Ha ancora un tono piatto, ma almeno mi parla, il che dovrebbe farmi sentire tutta felice. – Non riesce a stare lontano dal tuo bel visino, – dico.
– Sul serio. Voleva solo controllare quello che stiamo facendo. E provare un’altra volta a prendersi l’esame dei dati digitali. Cosa teme che troviamo?
– Non mi interessa –. E quando Steve apre di nuovo la bocca, lo ripeto: – Non mi interessa.
Lui alza gli occhi al soffitto, spinge via le e-mail e torna a fare quello che stava facendo prima. Provo a riprendere da dove avevo lasciato, ma ho perso la concentrazione; tutta la spam mi si confonde davanti agli occhi, diventando un’unica, infinita, offerta di viagra. Le mie gambe non stanno ferme, vorrei solo alzarmi e muovermi.
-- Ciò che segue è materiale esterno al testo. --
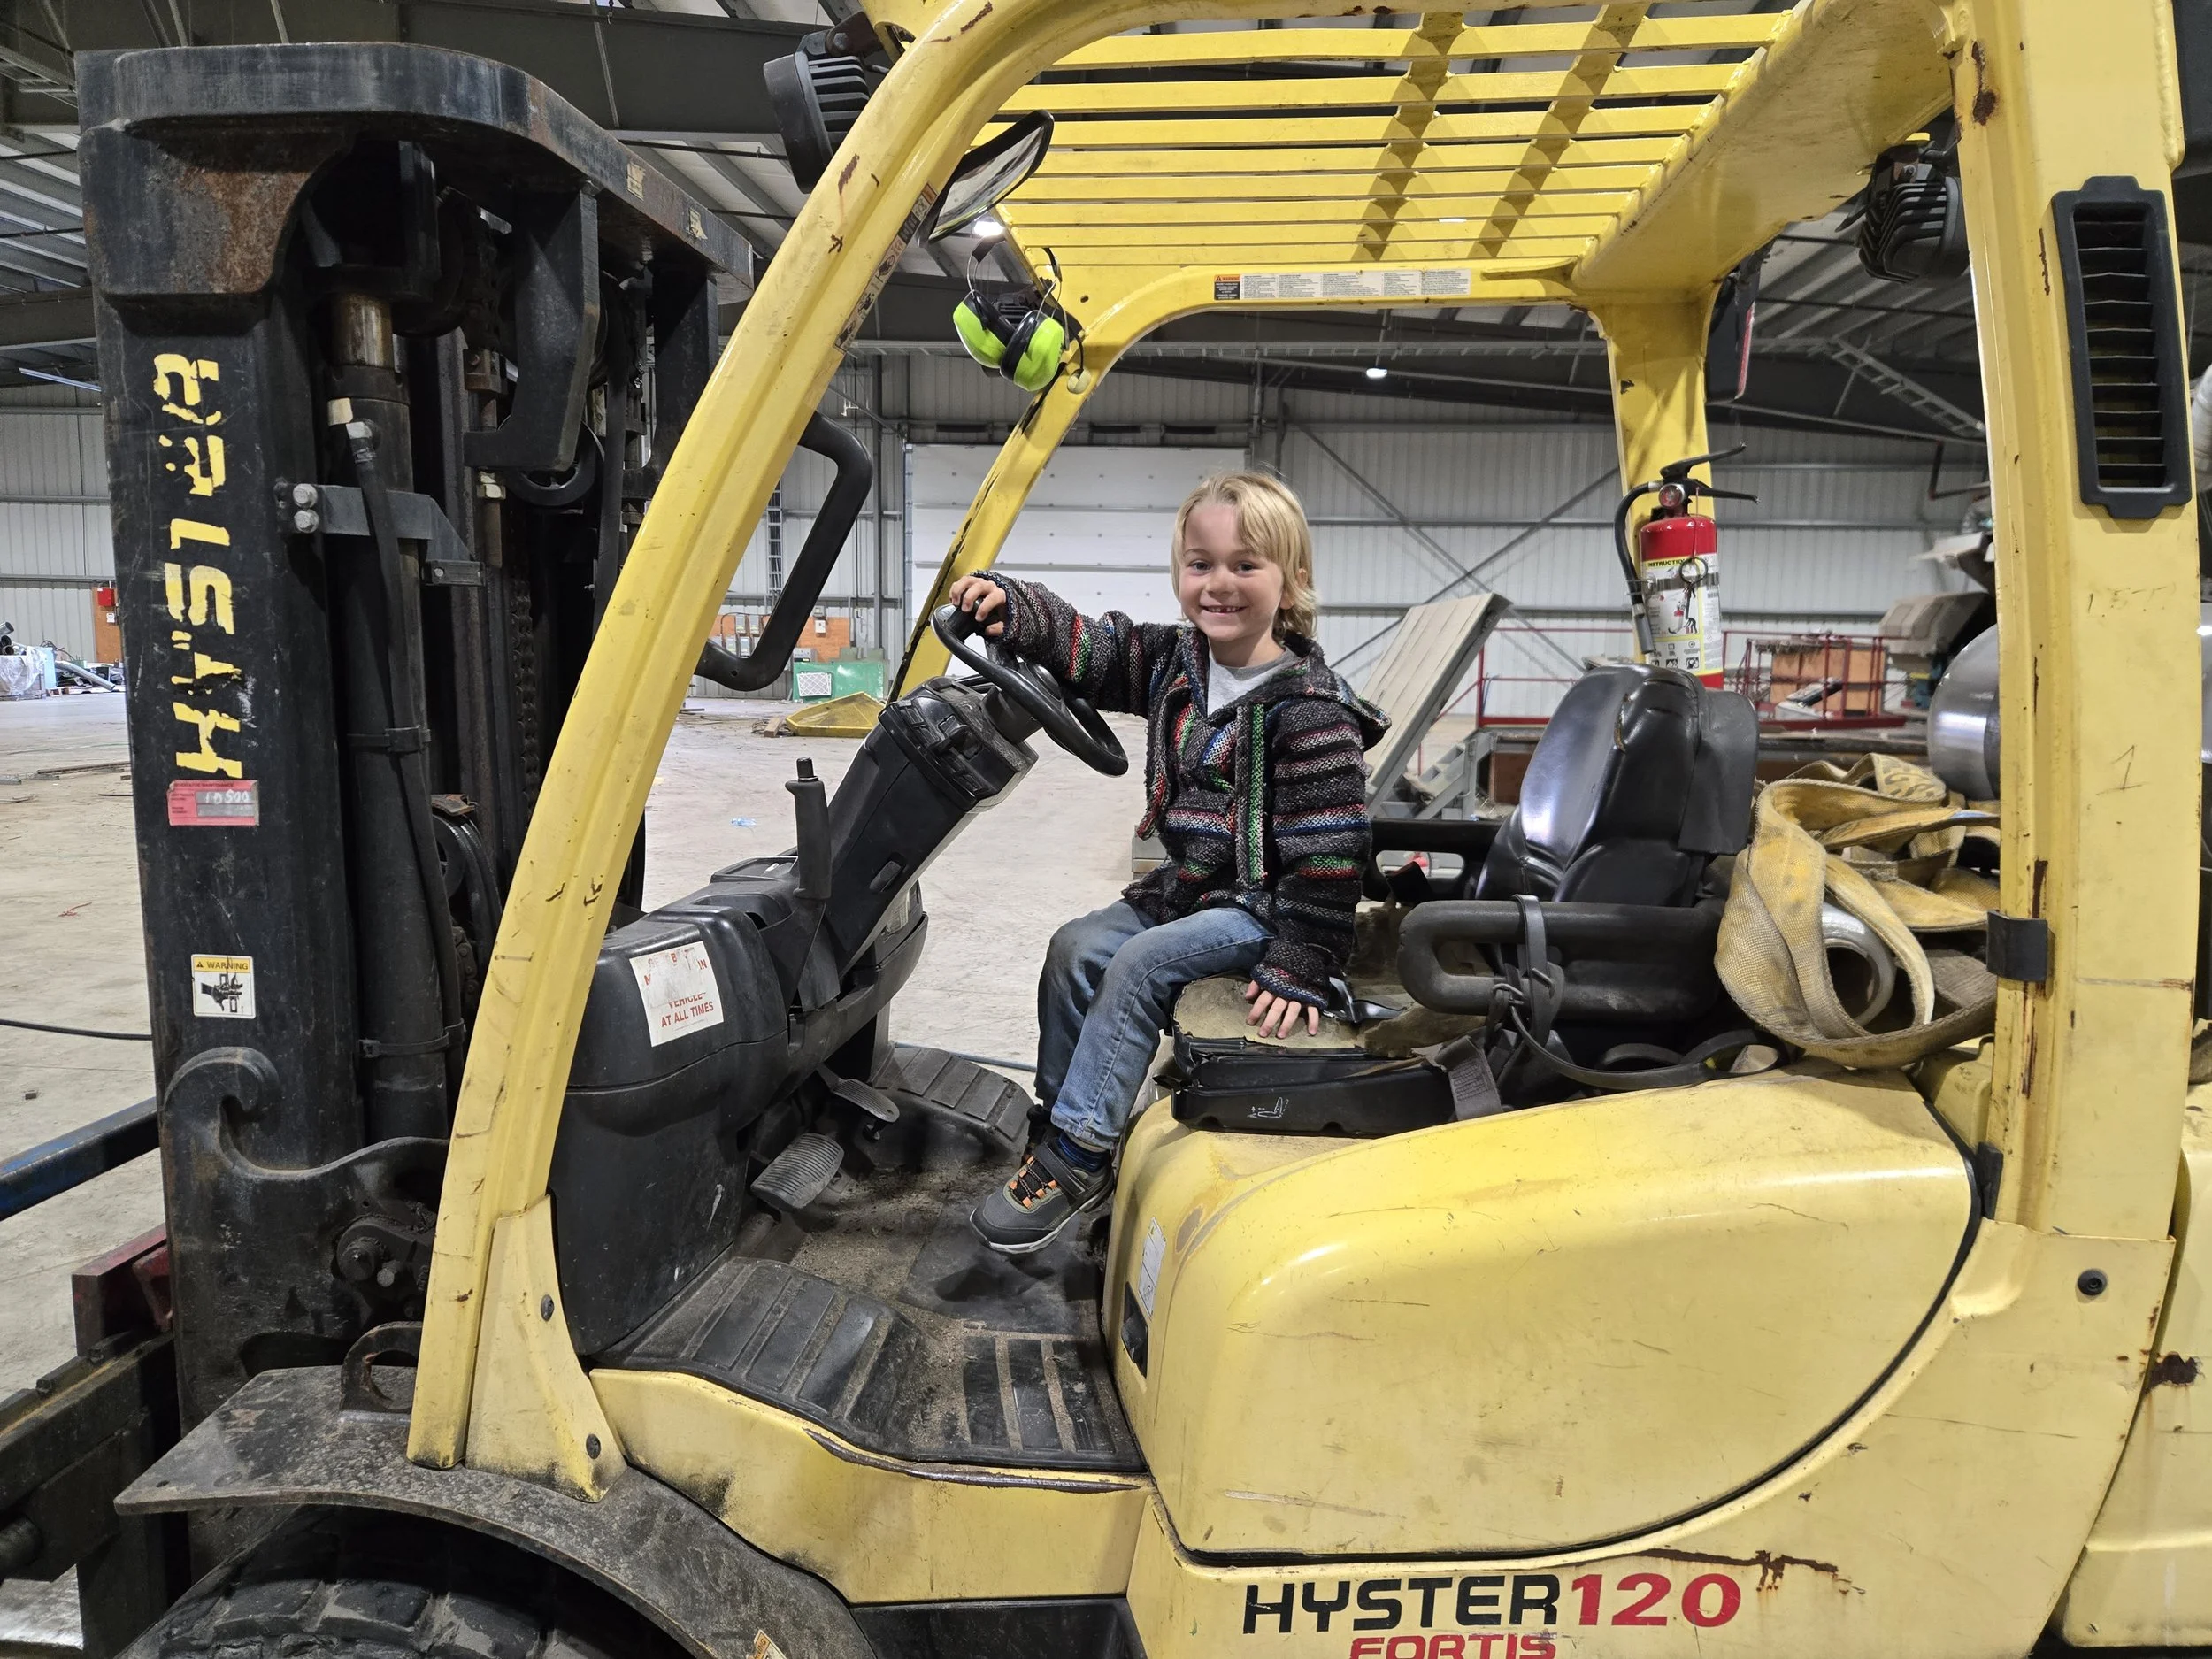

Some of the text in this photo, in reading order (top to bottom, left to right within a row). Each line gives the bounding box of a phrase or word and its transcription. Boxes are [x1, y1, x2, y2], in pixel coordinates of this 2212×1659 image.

L’unica cosa che ancora cerca debolmente di farsi sentire, nella mia testa, è la storia di Lucy sull’uomo segreto di Aislinn. È da lí che è partita tutta la stronzata delle gang, ma ora che l’abbiamo esclusa, la storia è ancora lí e chiede una spiegazione. Penso, e avrei dovuto pensarlo due giorni fa, che Lucy può aver avuto altre ragioni per mostrarsi reticente. Forse quell’uomo è un suo collega di lavoro, sposato. Dopotutto, Aislinn ha conosciuto Rory attraverso Lucy. Se ha incontrato un altro uomo, è piú che possibile che sia successo nello stesso modo. E Lucy non vuole drammi sul posto di lavoro, se l’uomo scopre che è stata lei a creare l’occasione. O forse, come avevo pensato all’inizio, quest’uomo non esiste. Sono tentata di andare a prendere Lucy a casa, portarla qui e torchiarla come si deve, finché non mi dirà se la storia dell’amante segreto è una sua vendetta contro un ex di Aislinn o un modo per spingerci a non scartare nessuna possibilità. Dopodiché potrò finalmente chiudere questa pista del cazzo e non pensarci piú.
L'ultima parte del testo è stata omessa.